UK - Pension funds are making more use of residential property to keep a check on increasing wage-led liabilities, industry experts claim.
They point out that wage inflation - a key driver of pension funds’ future liabilities - is closely matched by increasing yields from rented properties. Until last year residential funds have been overlooked in favour of more mainstream property funds.
But with the success of Schroder’s ResPUT fund – which beat its nearest competitor in 2001 CAPS/Russell Mellon property figures by over 12% – institutional investors are beginning to see huge potential.
Schroder Property Investment Management head of research and strategy Bill Hughes said: “One of the fundamental things pension funds should be thinking about is future liabilities, which are largely denominated by wage inflation. Residential property is an asset class which will in some ways match or provide performance which looks like wage inflation. Residential property is a nice fit for pension funds.”
The £45m ResPUT fund focuses on urban areas where shortages have led to strong rental demand with high yield potential. Regions where acquisitions have been made include Birmingham, Manchester, London, Sheffield, Southampton and Milton Keynes.

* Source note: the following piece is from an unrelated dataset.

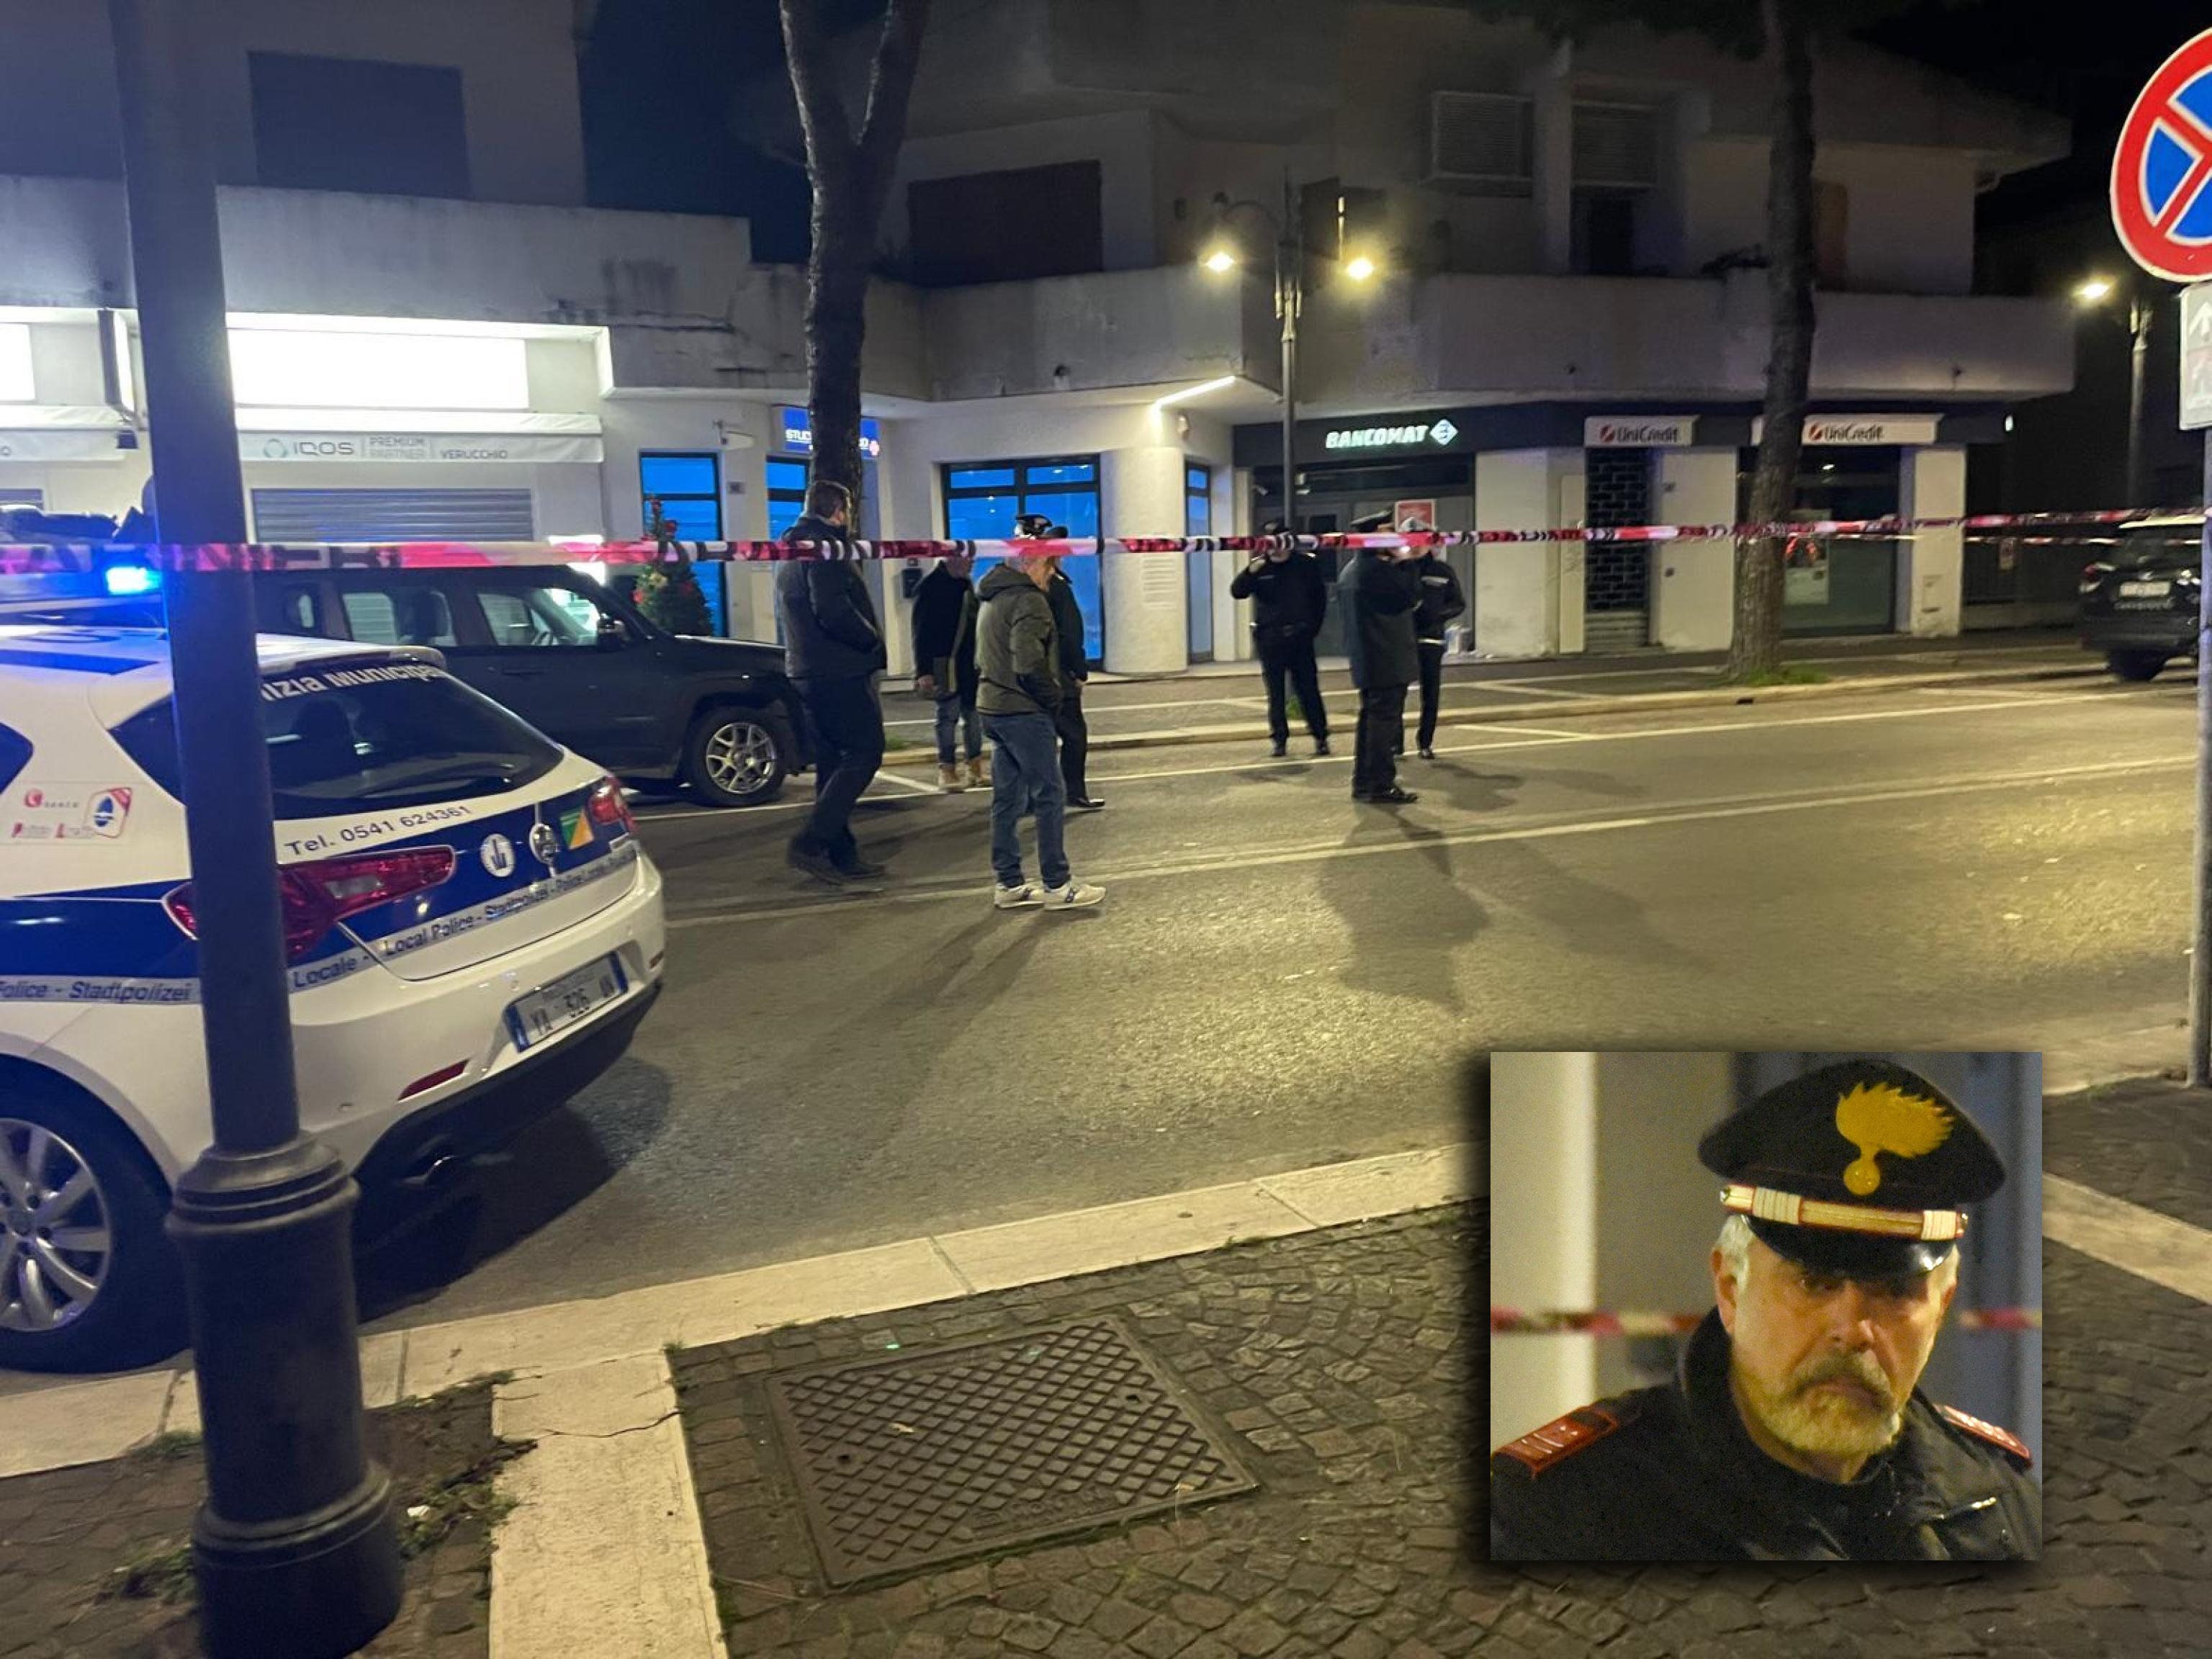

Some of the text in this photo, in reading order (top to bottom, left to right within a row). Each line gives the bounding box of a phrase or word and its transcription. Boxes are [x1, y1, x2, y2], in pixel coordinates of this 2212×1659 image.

Baring, Houston & Saunders fund manager Elliot Caldwell said: “For the last 30 years residential property has outperformed the sector, compared to the nationwide index, which is as about as far back as our records go. With only four other residential funds in the market at the moment, residential property is still an emerging market.”
The IPD index for private sector residential property is set to be extended to cover the whole of the UK this May. In the past, only inner London has been measured by the IPD index.
Property analysts hope that this will further heighten institutional interest in residential property.
The IPD 2001 report showed that over the last eight years inner London residential property produced an average total return of 17.8%, ahead of UK commercial property (12.3%), UK gilts (11%) and even UK equities (13.7%).